Es común deducir que los gobernantes y los funcionarios actúan de manera corrupta debido a la falta de valores cívicos y morales. Sin embargo, no debe pasarse por alto que un factor adicional es el fracaso de la fuerza de voluntad a la hora de regirse por los valores que ya se tienen. Esta distinción es fundamental y sus remedios, diferentes.

Es evidente que, cuanto mayor es la tentación, mayor es el porcentaje de personas que no logran resistirla. Es decir, el oportunismo, el clientelismo y la corrupción no nacen necesariamente de la falta de valores.
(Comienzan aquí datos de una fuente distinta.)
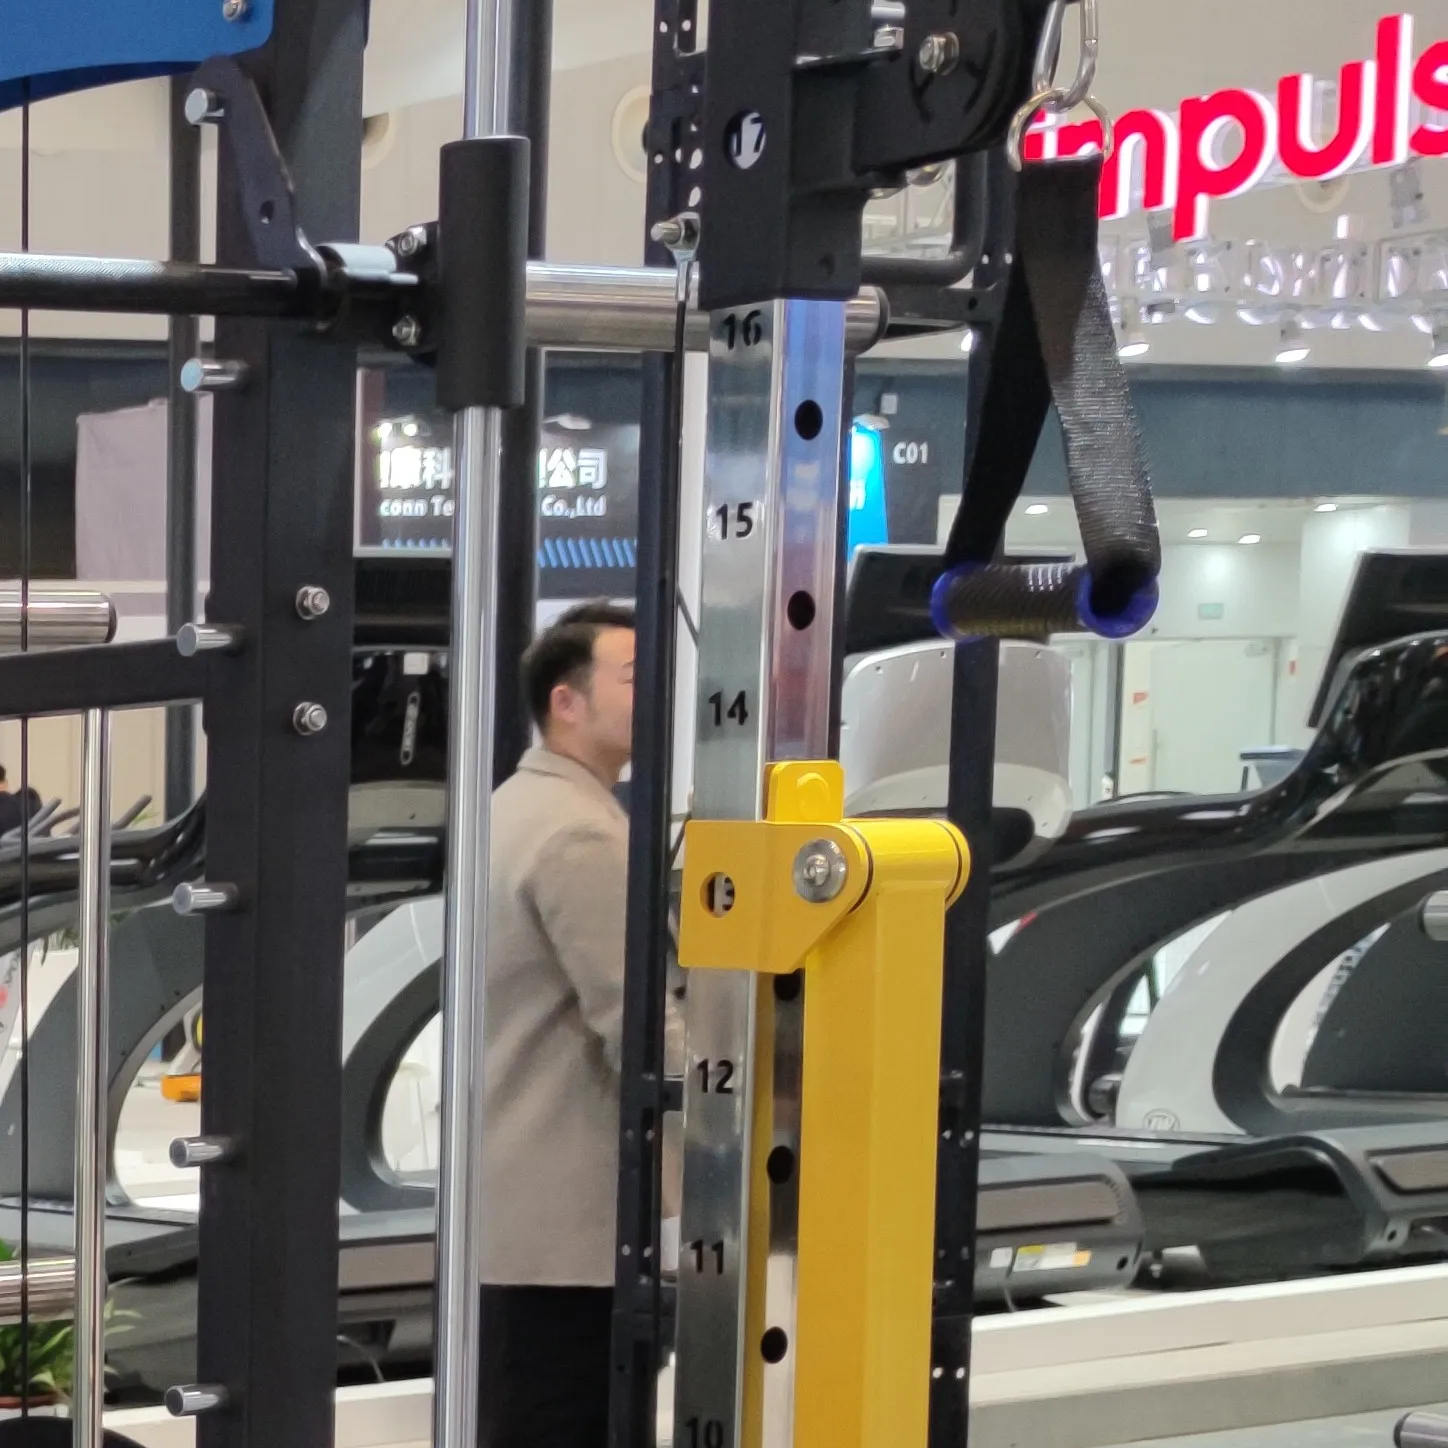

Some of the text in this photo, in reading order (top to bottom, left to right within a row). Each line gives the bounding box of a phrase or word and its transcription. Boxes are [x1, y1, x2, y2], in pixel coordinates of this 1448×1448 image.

[721, 311, 762, 349] 16
[893, 441, 929, 464] C01
[715, 502, 755, 540] 15
[708, 691, 749, 728] 14
[696, 1059, 735, 1095] 12
[689, 1239, 726, 1275] 11
También pueden indicar la incapacidad para soportar la tentación debido a que la fuerza de voluntad es limitada.

Esto refleja que, para evitar la corrupción, no basta con que el ciudadano posea valores morales, lo que a su vez indica que, en ciertas circunstancias, una solución es reducir las tentaciones a un nivel que la fuerza de voluntad típica pueda enfrentar.

En general, la debilidad de voluntad no justifica actuar incorrectamente. Sin embargo, existen situaciones inusuales en las cuales se tolera que un individuo flaquee. Por ejemplo, hay clara evidencia de coacción cuando un ladrón armado fuerza a su víctima a participar en un robo. Esto no quita, por otro lado, que lo moralmente perfecto sea negarse y atenerse a las consecuencias. No obstante, bajo tales circunstancias, se perdona y se comprende que la víctima ceda ante tal instigación («abre la caja fuerte y nada te pasará»).
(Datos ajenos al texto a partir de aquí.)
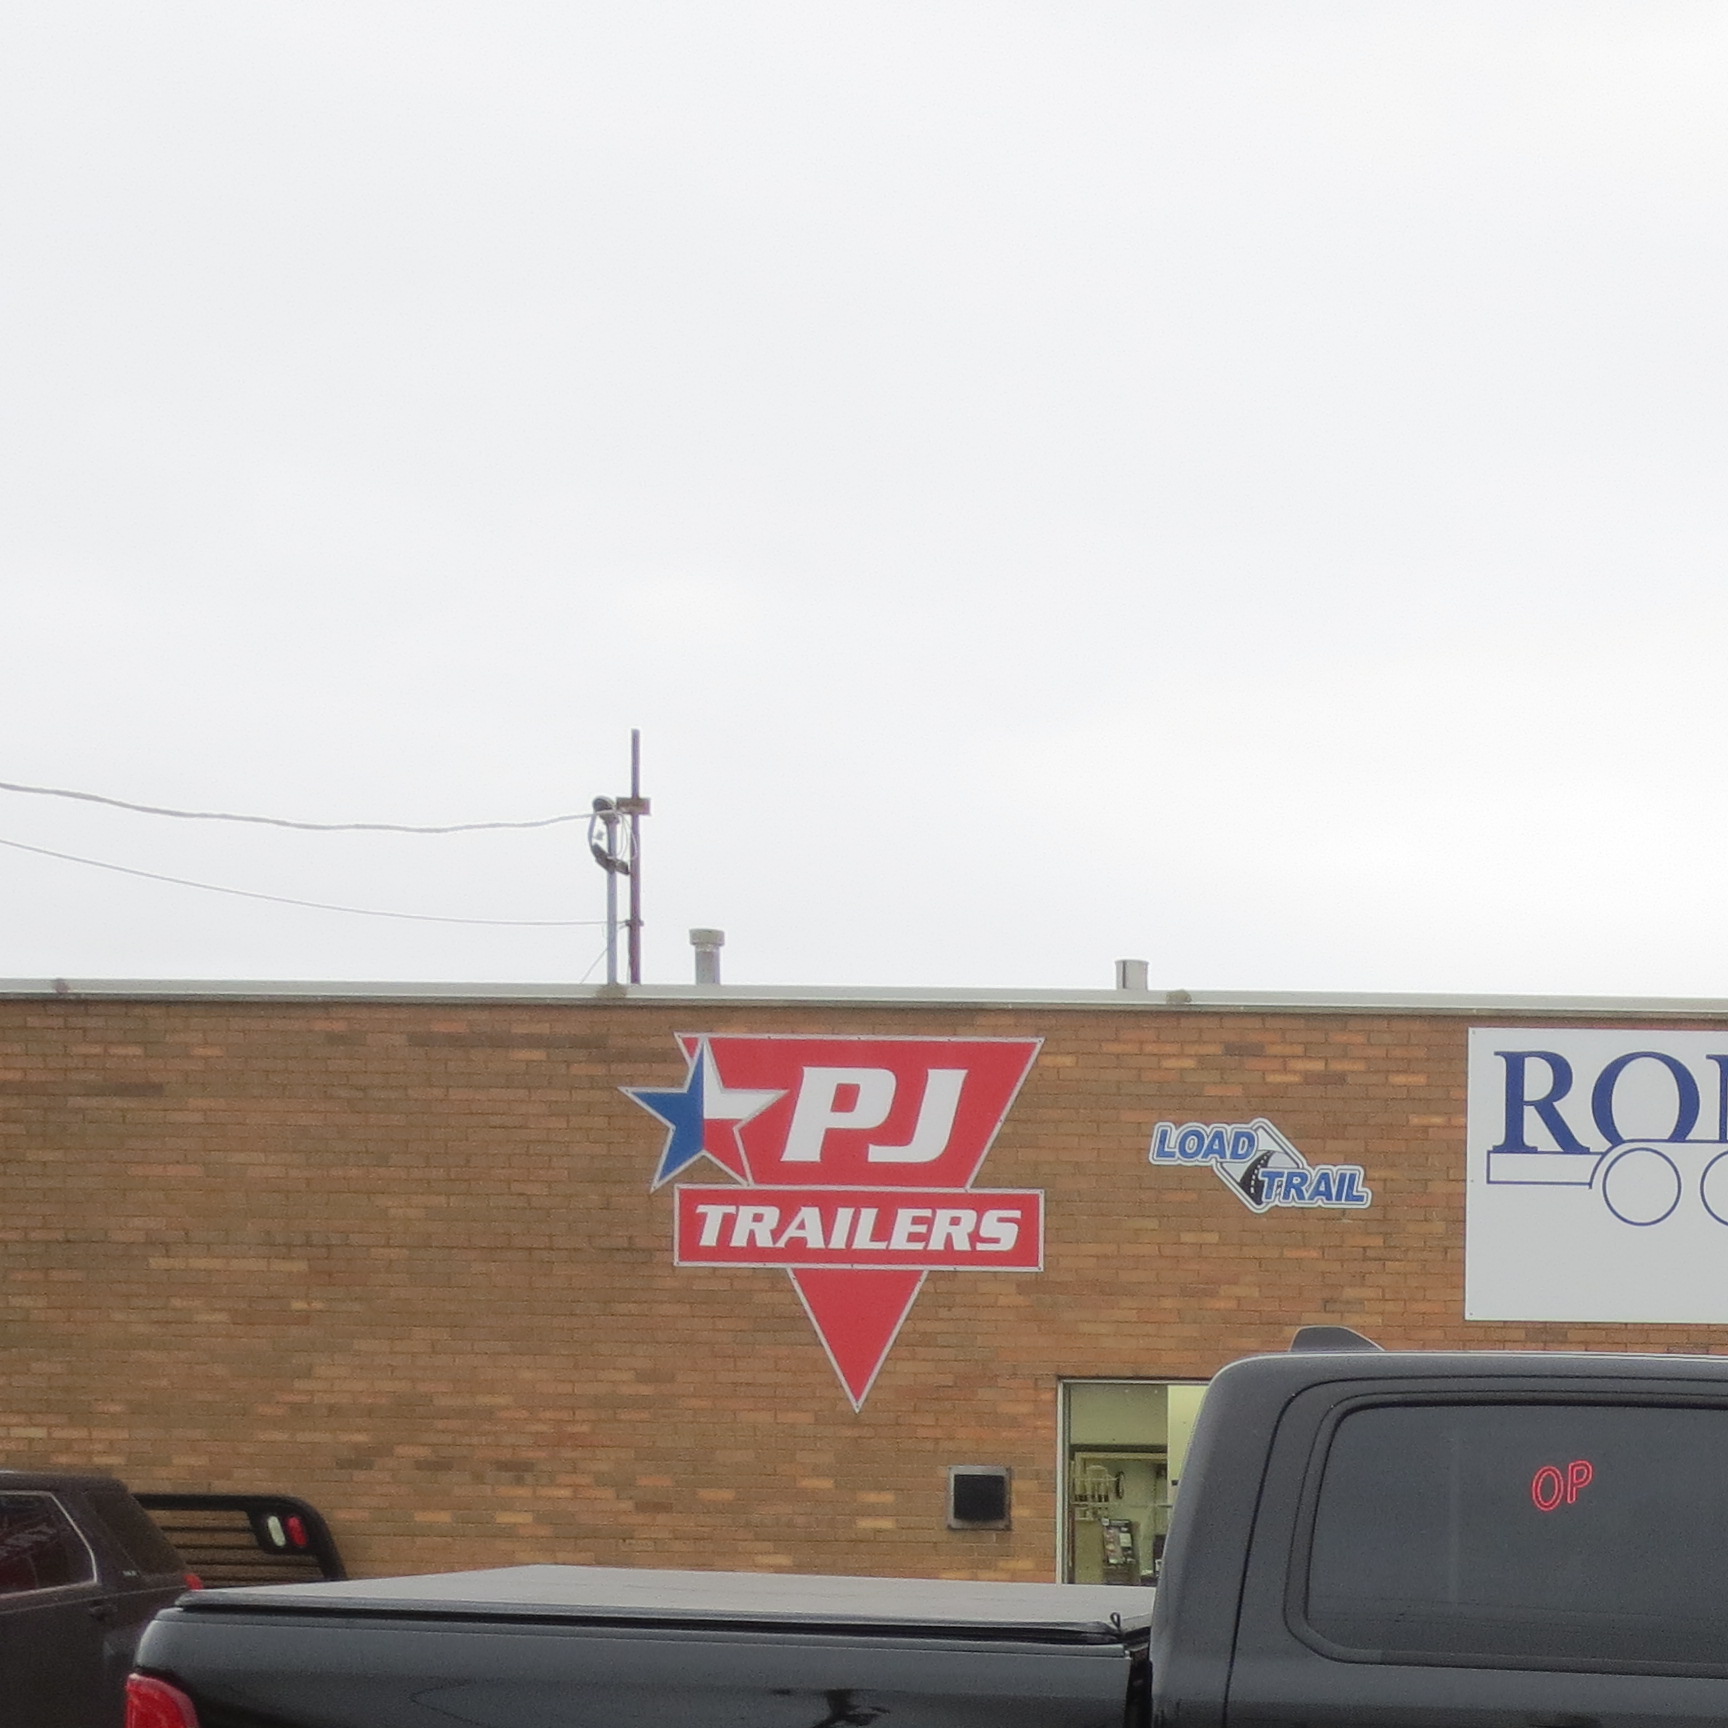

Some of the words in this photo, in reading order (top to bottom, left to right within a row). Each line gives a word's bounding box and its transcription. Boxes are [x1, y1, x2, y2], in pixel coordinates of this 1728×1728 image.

Esto demuestra que no se exige la perfección, únicamente se busca cultivar un grado determinado de fuerza de voluntad. Antes de llegar a este nivel, el individuo asume toda la responsabilidad por sus acciones.

El grado de fuerza de voluntad deseado en las personas es alto. Sin embargo, el grado que el ciudadano de a pie logra alcanzar es otro; tiene una voluntad limitada, lo que hace que sea vulnerable a un amplio rango de presión.

En reconocimiento de la manifiesta debilidad humana, las normas de conducta ética, como las de las religiones establecidas, condenan colocar a las personas en situaciones en las que serán presionadas a hacer el mal. Incluso, es nuestro deber proteger a otros de tal tentación, de manera que lo responsable es, cuando viable, prevenirla.

En la práctica, debemos tomar en cuenta que las estructuras de poder dentro de nuestros Gobiernos permiten e incluso promueven que muchos sean sometidos a conflictos de intereses difíciles de ignorar. Estas dificultades no tienen como base una decisión libre e independiente entre actuar correctamente o ganar una coima, sino que se sustentan en la coerción, posibilitada por la dependencia estructural.

Por ejemplo, cuando el mandatario controla la asignación de los puestos o los recursos de los servidores públicos, estos podrían verse forzados a elegir entre ceder ante las demandas indebidas de su patrón político o negarse y sufrir las consecuencias. Los ciudadanos, por su parte, también son presionados; muchos deben aceptar pactos clientelistas con los dirigentes políticos para proteger sus intereses frente al desgobierno y a la corrupción generalizada.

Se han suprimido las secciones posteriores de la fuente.